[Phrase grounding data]
++++++

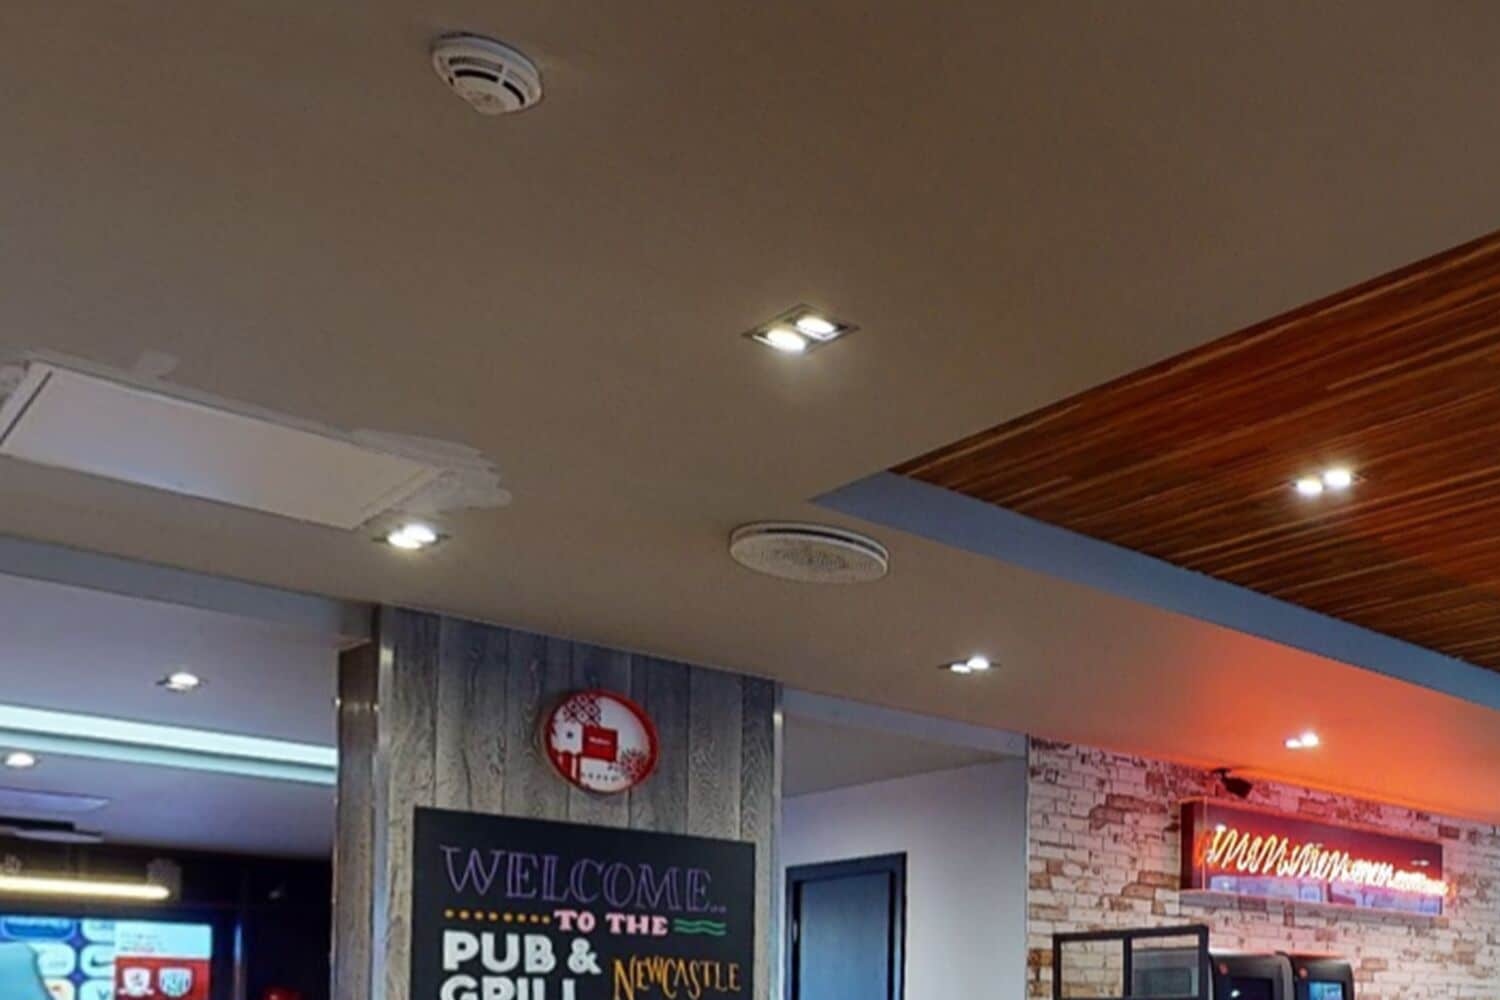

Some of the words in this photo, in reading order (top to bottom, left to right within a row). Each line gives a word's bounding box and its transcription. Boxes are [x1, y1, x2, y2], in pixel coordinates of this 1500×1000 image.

[554, 910, 596, 933] TO
[605, 913, 668, 936] THE
[443, 930, 556, 973] PUB
[567, 938, 602, 975] &
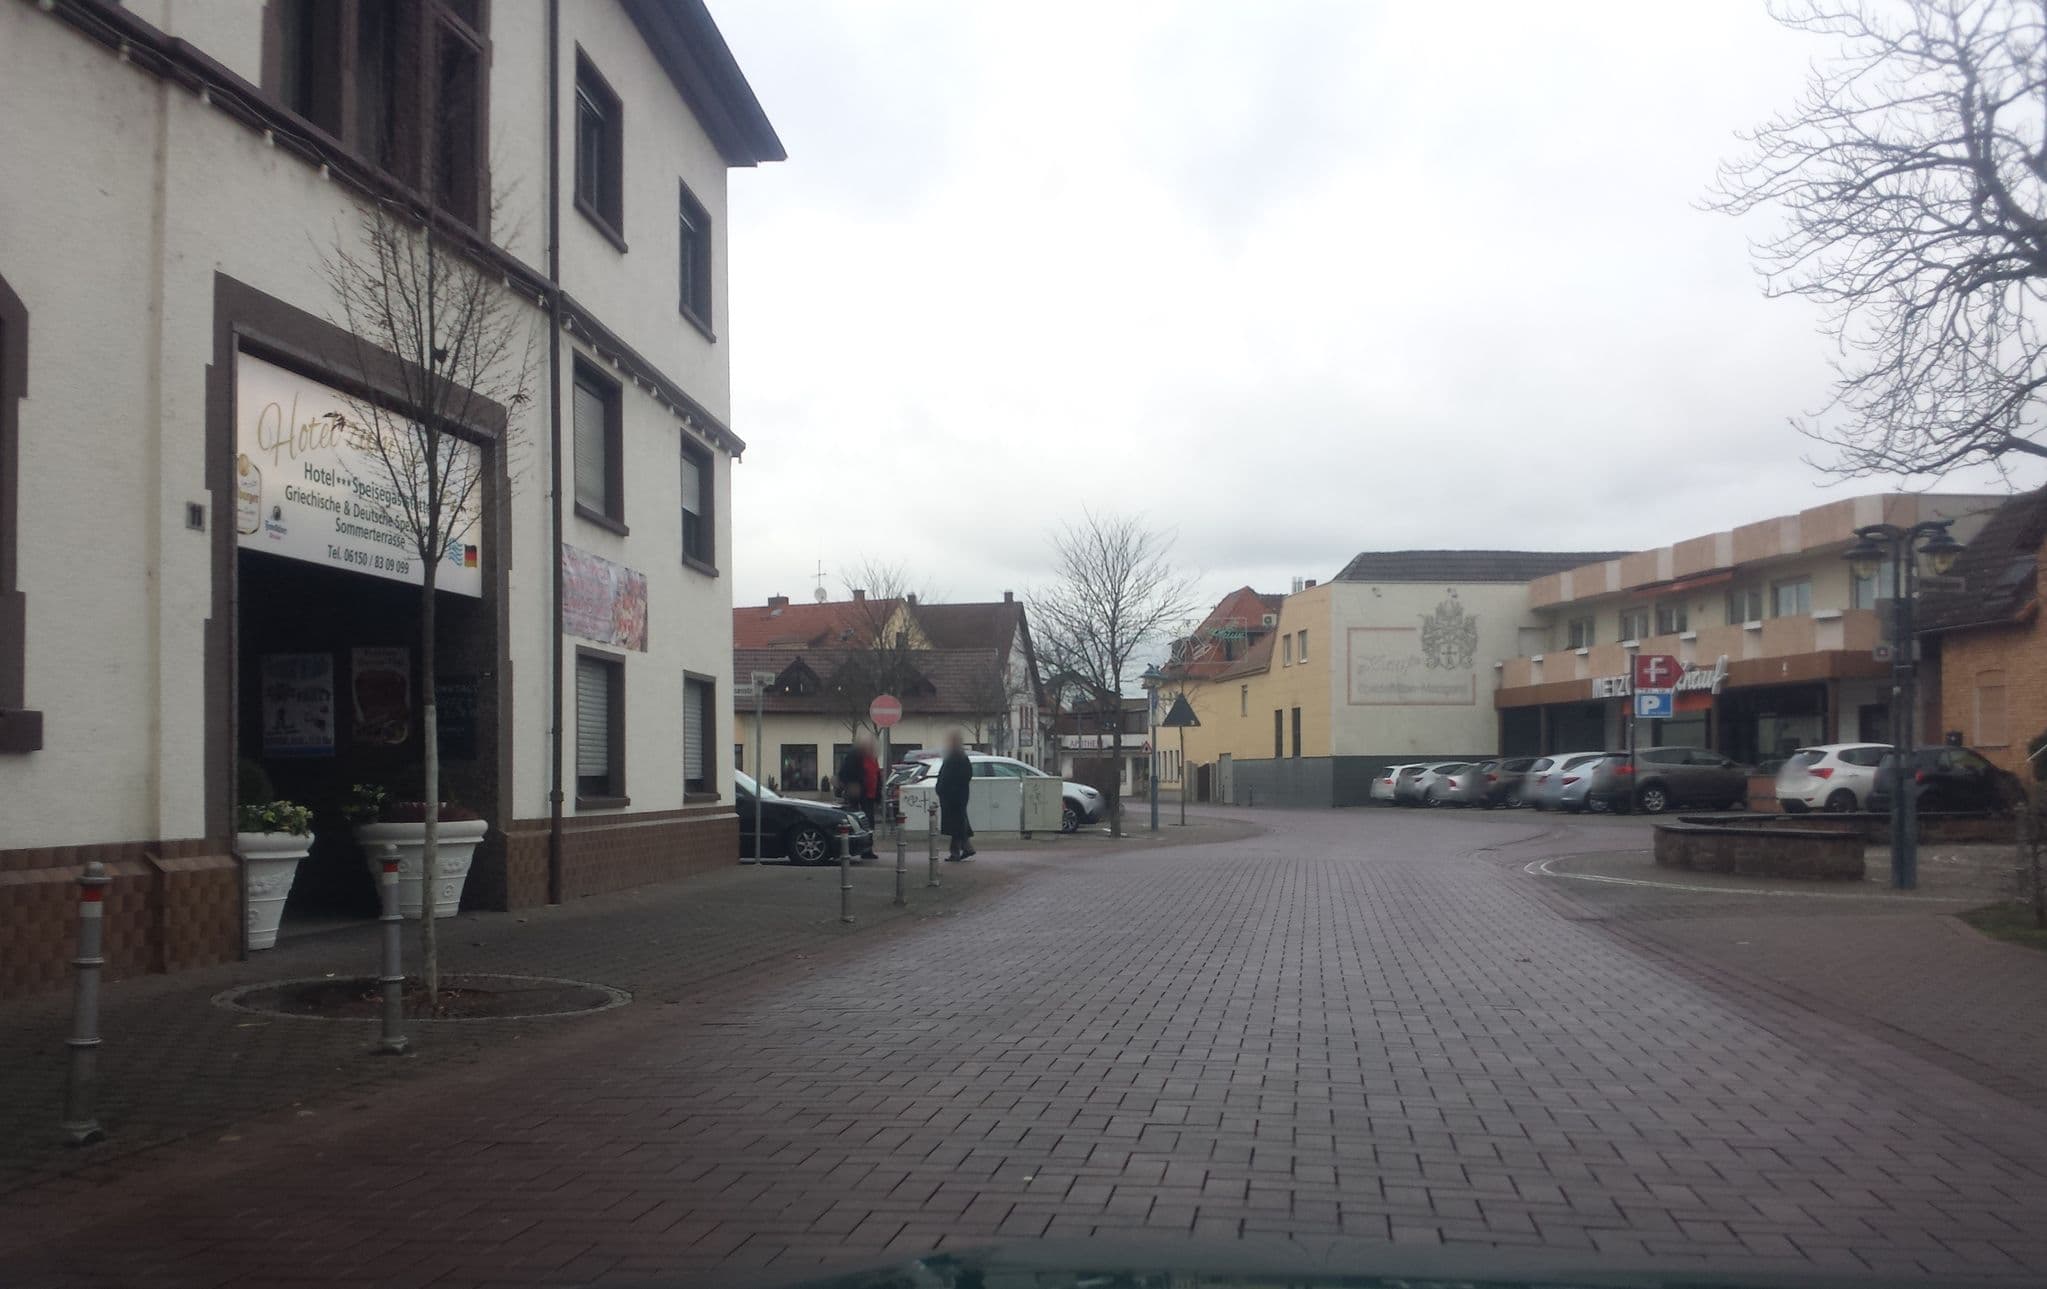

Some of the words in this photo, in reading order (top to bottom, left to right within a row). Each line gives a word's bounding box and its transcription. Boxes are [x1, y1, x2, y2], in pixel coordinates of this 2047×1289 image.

[257, 391, 338, 467] Hotel
[304, 461, 335, 488] Hotel
[285, 485, 341, 513] Griechische
[343, 500, 351, 516] &
[335, 517, 405, 548] Sommerterrasse
[327, 544, 342, 560] Tel.
[344, 548, 368, 567] 06150
[374, 555, 384, 569] 83
[385, 558, 395, 571] 09
[396, 560, 410, 574] 099
[1640, 695, 1660, 715] P

++++++

**What needs to be done**
All of the data is to be transcribed exactly, with images omitted.

**Task answer**
Some of the words in this photo, in reading order (top to bottom, left to right within a row). Each line gives a word's bounding box and its transcription. Boxes are [x1, y1, x2, y2], in pixel coordinates of this 1500×1000 image.

[554, 910, 596, 933] TO
[605, 913, 668, 936] THE
[443, 930, 556, 973] PUB
[567, 938, 602, 975] &

Some of the words in this photo, in reading order (top to bottom, left to right within a row). Each line gives a word's bounding box and its transcription. Boxes are [x1, y1, x2, y2], in pixel coordinates of this 2047×1289 image.

[257, 391, 338, 467] Hotel
[304, 461, 335, 488] Hotel
[285, 485, 341, 513] Griechische
[343, 500, 351, 516] &
[335, 517, 405, 548] Sommerterrasse
[327, 544, 342, 560] Tel.
[344, 548, 368, 567] 06150
[374, 555, 384, 569] 83
[385, 558, 395, 571] 09
[396, 560, 410, 574] 099
[1640, 695, 1660, 715] P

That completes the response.